Developing AI includes collecting data, training models, and deploying models. The tools for AI are primarily developed on Ubuntu Linux. Though most of the software for AI development can be used from packaged containers based on Ubuntu Linux. A few pieces of software are needed to run the containers.
The basic operating system (OS) configurations are:
- Ubuntu Linux
- Windows 10 through Powershell with Windows Subsystem for Linux, Ubuntu version
- Manually install
- Simplified Windows Insider install: wsl -install
- Mac OS X with Homebrew
Source code and container management:
Software needed on top of the base OS.
- openssh for securely pull and uploading source code.

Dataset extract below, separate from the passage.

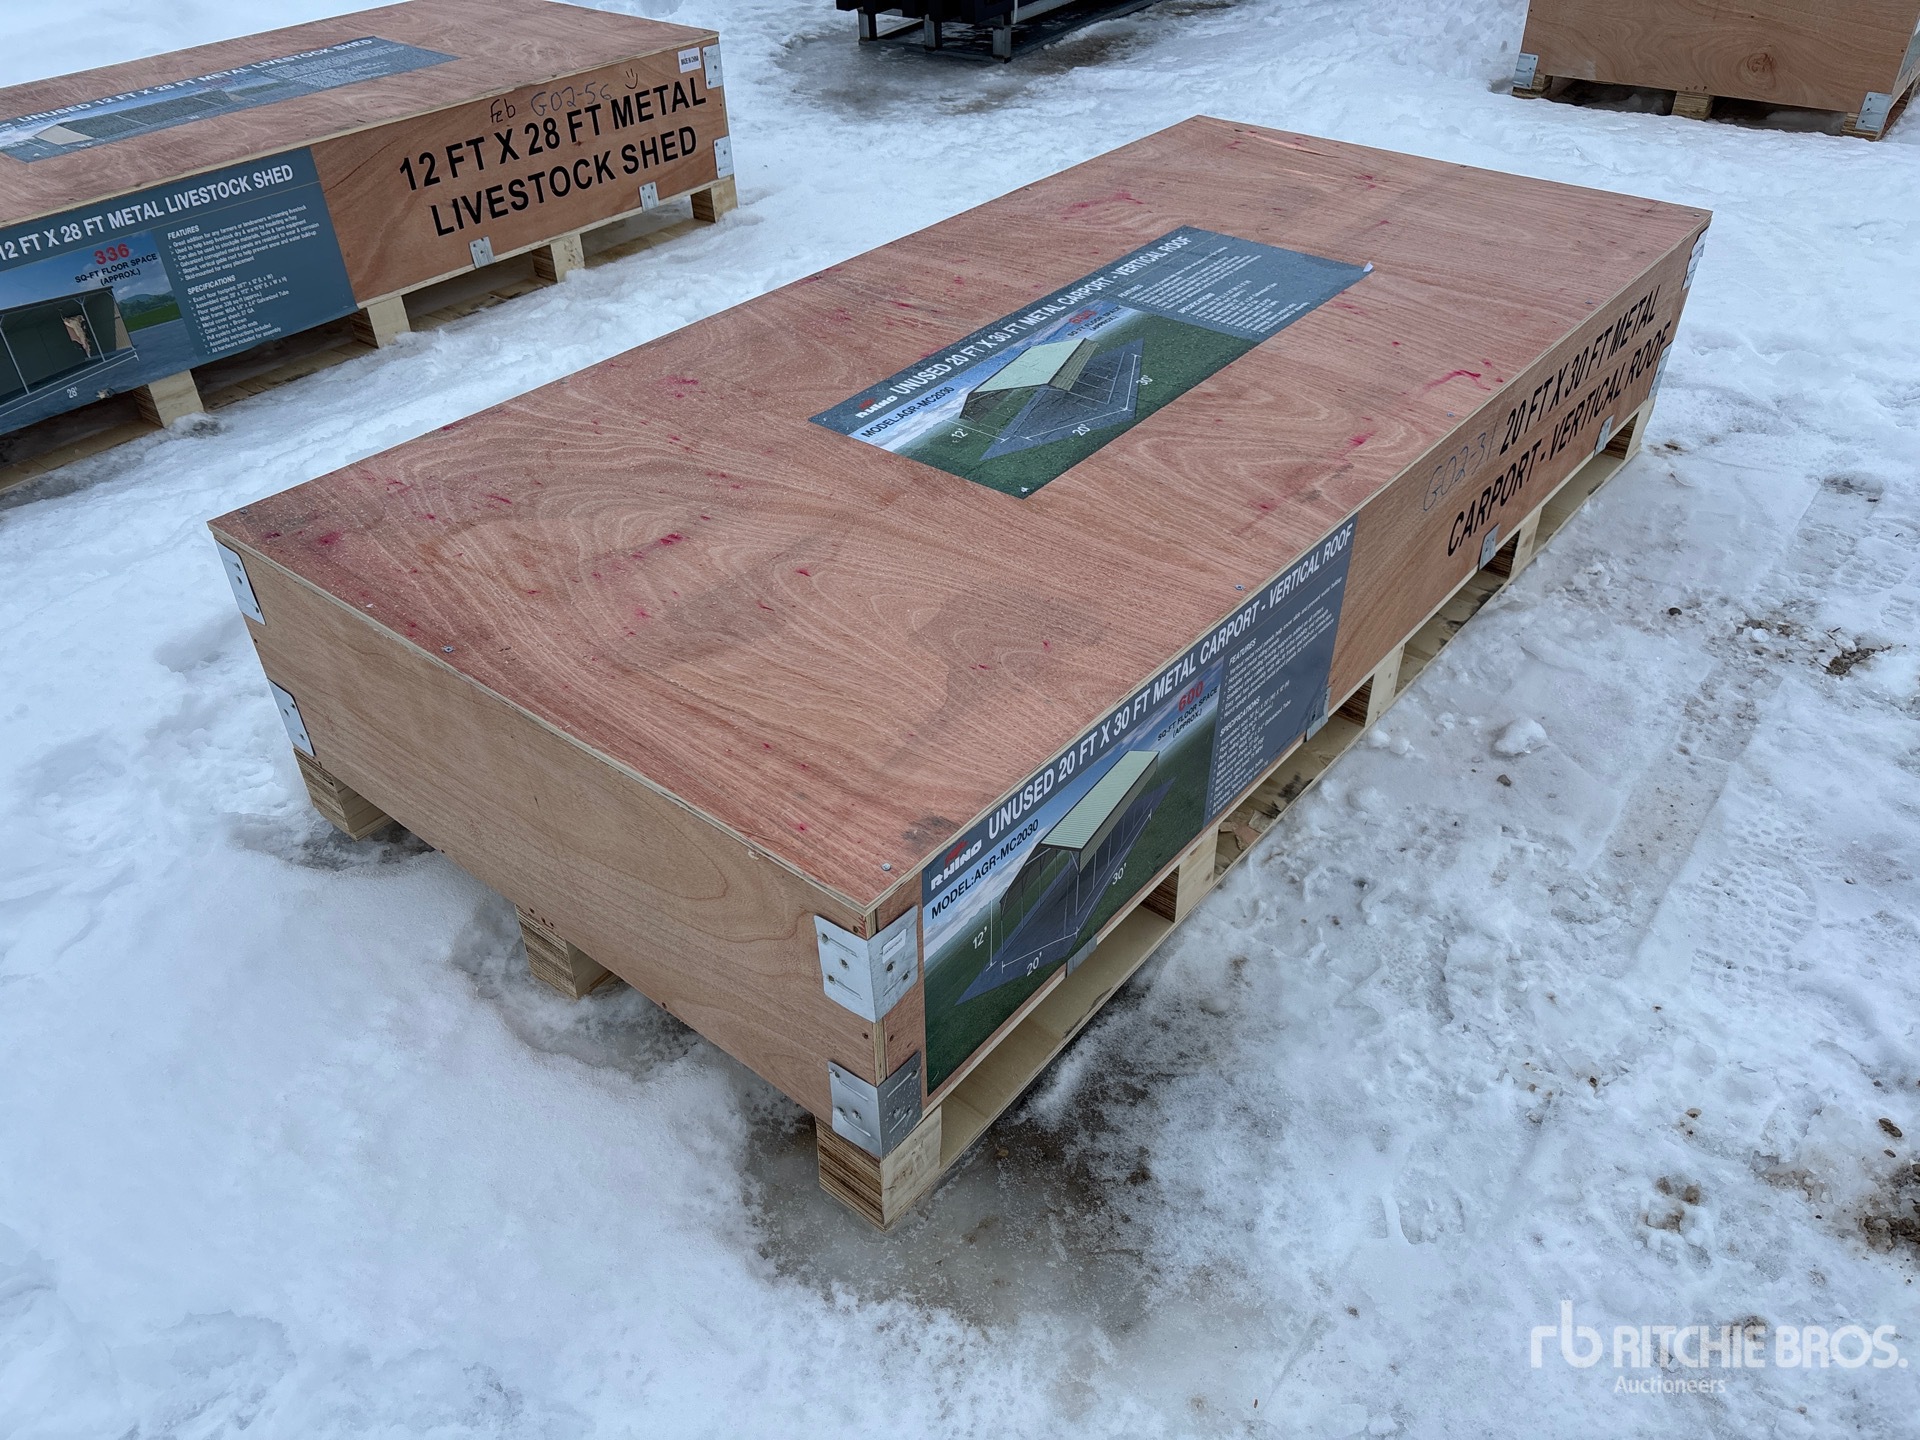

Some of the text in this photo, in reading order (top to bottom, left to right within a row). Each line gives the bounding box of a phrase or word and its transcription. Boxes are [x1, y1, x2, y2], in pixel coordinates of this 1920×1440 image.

- git for pulling and tracking source code.
- docker-ce for building and running containers.
- docker-compose for build and run commands for containers.

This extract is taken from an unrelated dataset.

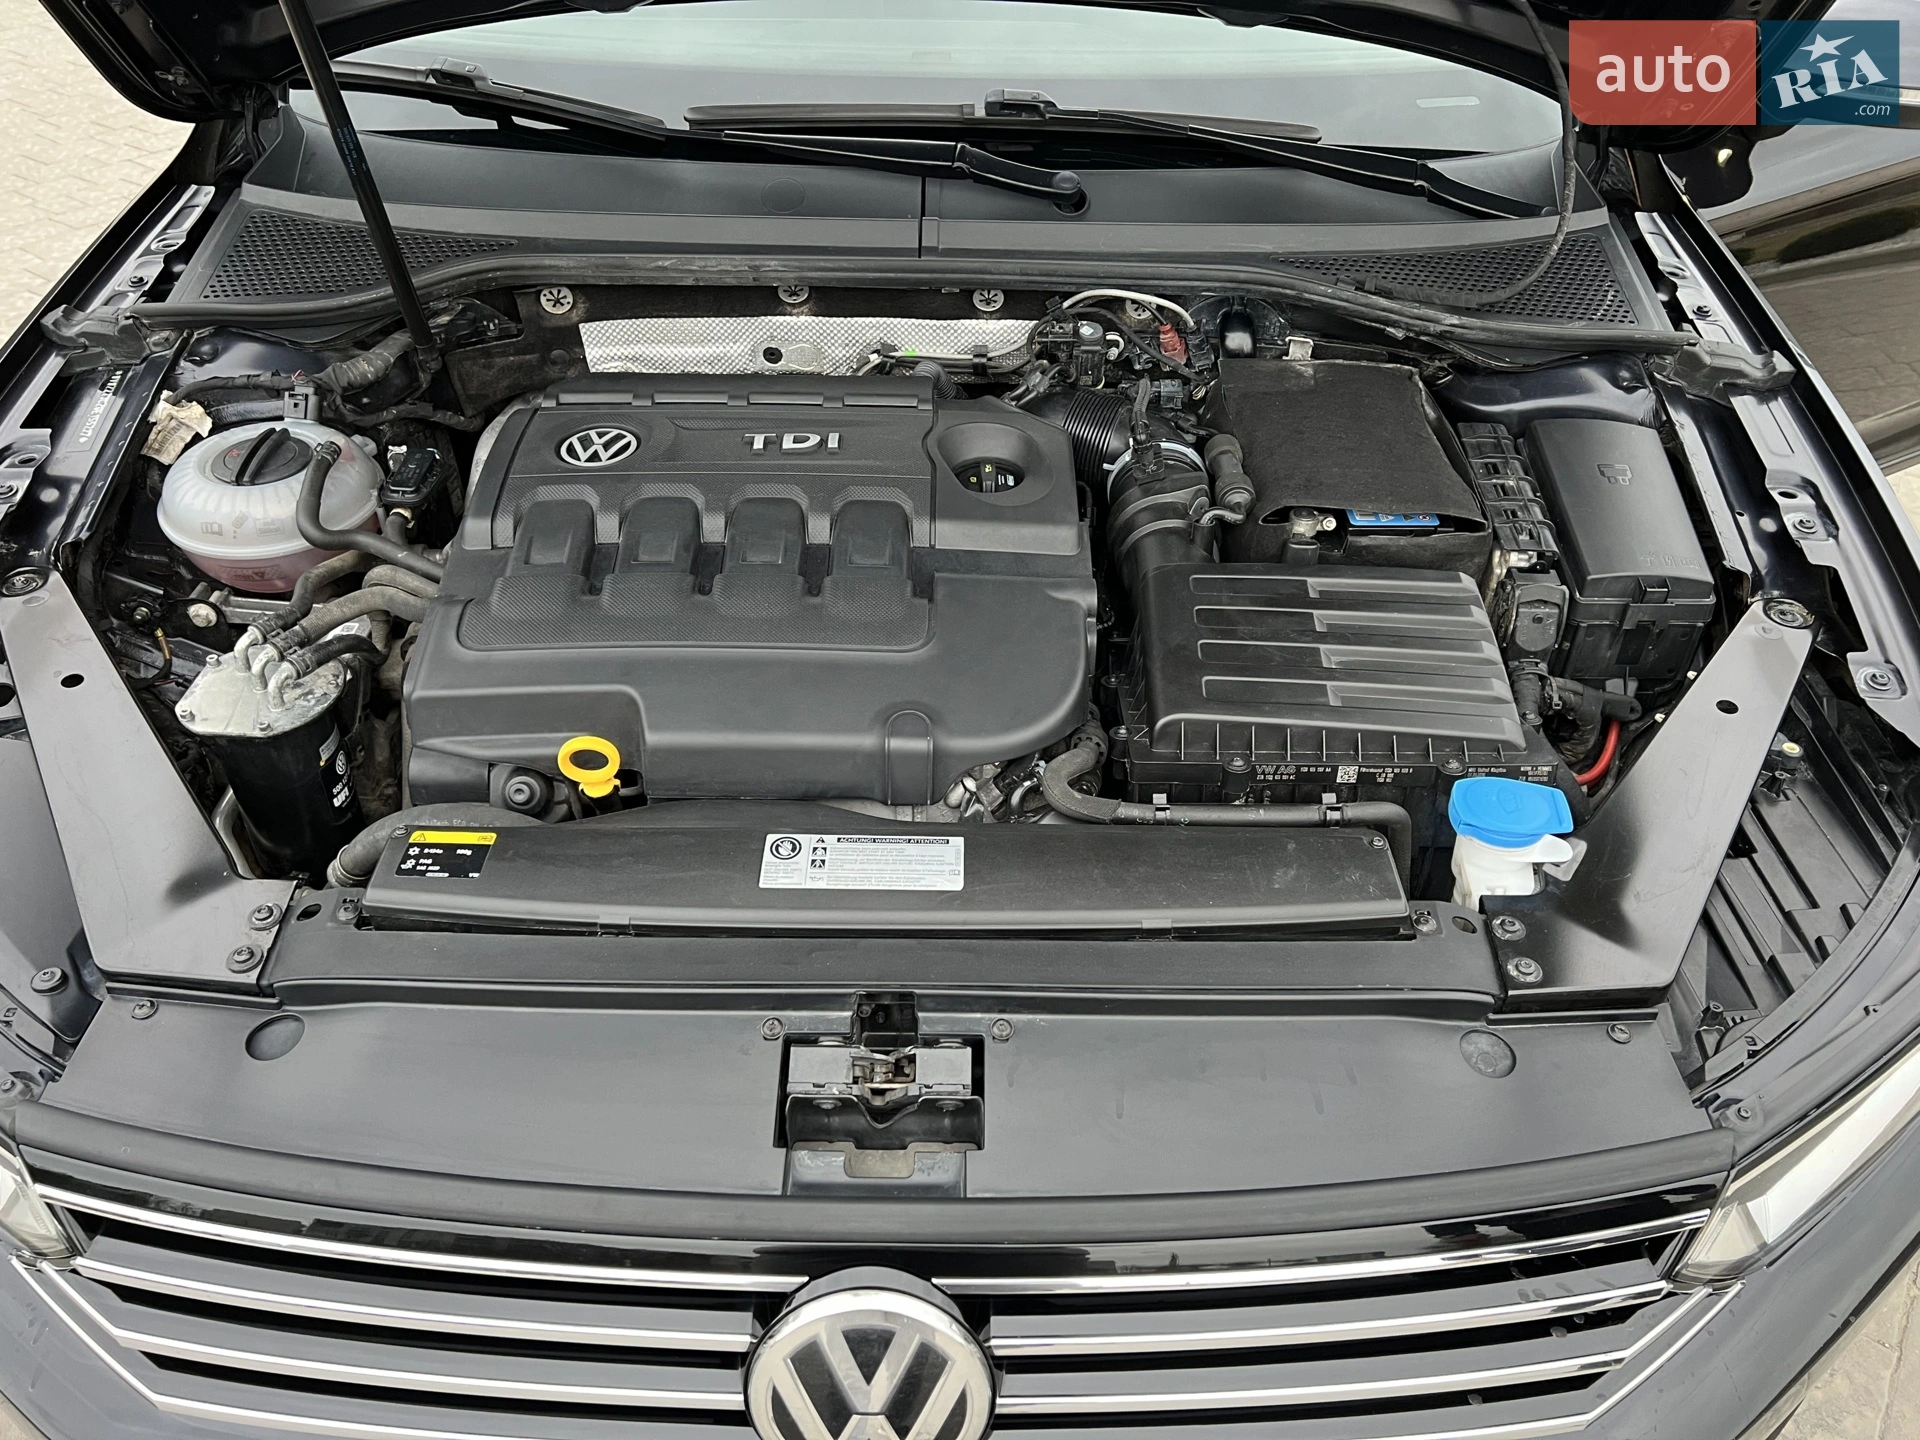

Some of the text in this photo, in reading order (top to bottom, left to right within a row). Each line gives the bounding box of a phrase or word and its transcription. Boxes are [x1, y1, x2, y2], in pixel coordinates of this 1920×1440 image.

[742, 432, 842, 454] TDI
[1255, 765, 1276, 774] VW
[1277, 765, 1296, 774] AG

Check for packages installed on Debian based Unbuntu Linux:
apt list --installed | grep openssh apt list --installed | grep git apt list --installed | grep docker-ce apt list --installed | grep docker-compose
Install packages if needed.
sudo apt-get update sudo apt-get install openssh git docker-ce docker-compose
Training models is very computationally expensive and highly parallel graphics processing units (GPU) can speed up training to more reasonable times. The host computer needs a few packages for accessing GPUs from the Docker containers. Some of main packages for training AI models: Tensorflow, and Pytorch are currently only configured to use Nvidia GPUs through the CUDA API though support for ATI Radeon GPUs is in progress on Pytorch. Also GPU access from Docker containers has only been available on Linux though Windows support may be in progress.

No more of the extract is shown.